- [Problem description]
Reproduce, exactly and in full, the records that follow, minus any pictures.

- [Given information]
-=-=-=-=-
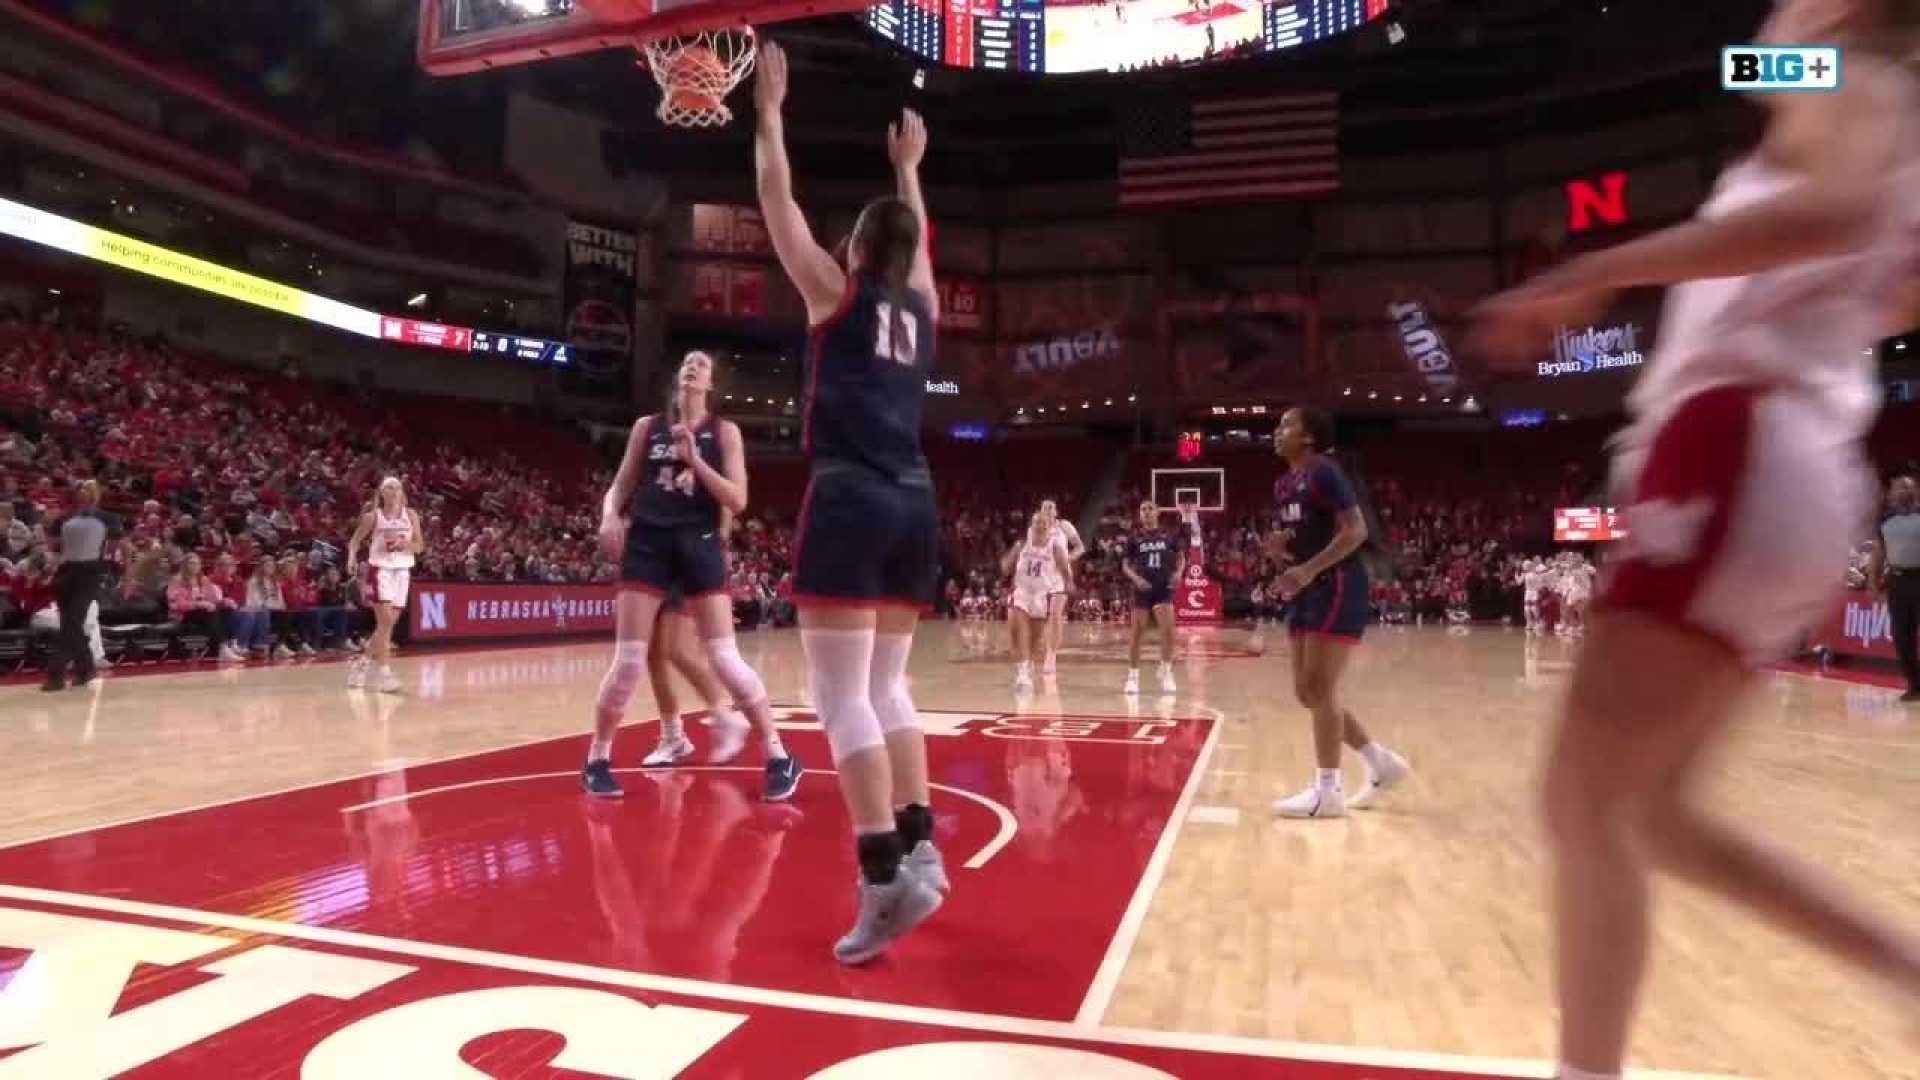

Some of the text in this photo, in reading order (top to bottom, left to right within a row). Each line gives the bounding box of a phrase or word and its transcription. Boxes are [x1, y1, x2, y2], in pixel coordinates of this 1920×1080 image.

[1566, 171, 1629, 231] N
[101, 240, 150, 264] Helping
[570, 242, 634, 276] WITH
[1538, 351, 1642, 376] Bryan Health
[1148, 552, 1162, 568] 11
[420, 591, 447, 630] N
[467, 600, 550, 620] NEBRASKA
-=-=-=-=-
- [Finished exercise]
Some of the text in this photo, in reading order (top to bottom, left to right within a row). Each line gives the bounding box of a phrase or word and its transcription. Boxes are [x1, y1, x2, y2], in pixel coordinates of this 1920×1080 image.

[1566, 171, 1629, 231] N
[101, 240, 150, 264] Helping
[570, 242, 634, 276] WITH
[1538, 351, 1642, 376] Bryan Health
[1148, 552, 1162, 568] 11
[420, 591, 447, 630] N
[467, 600, 550, 620] NEBRASKA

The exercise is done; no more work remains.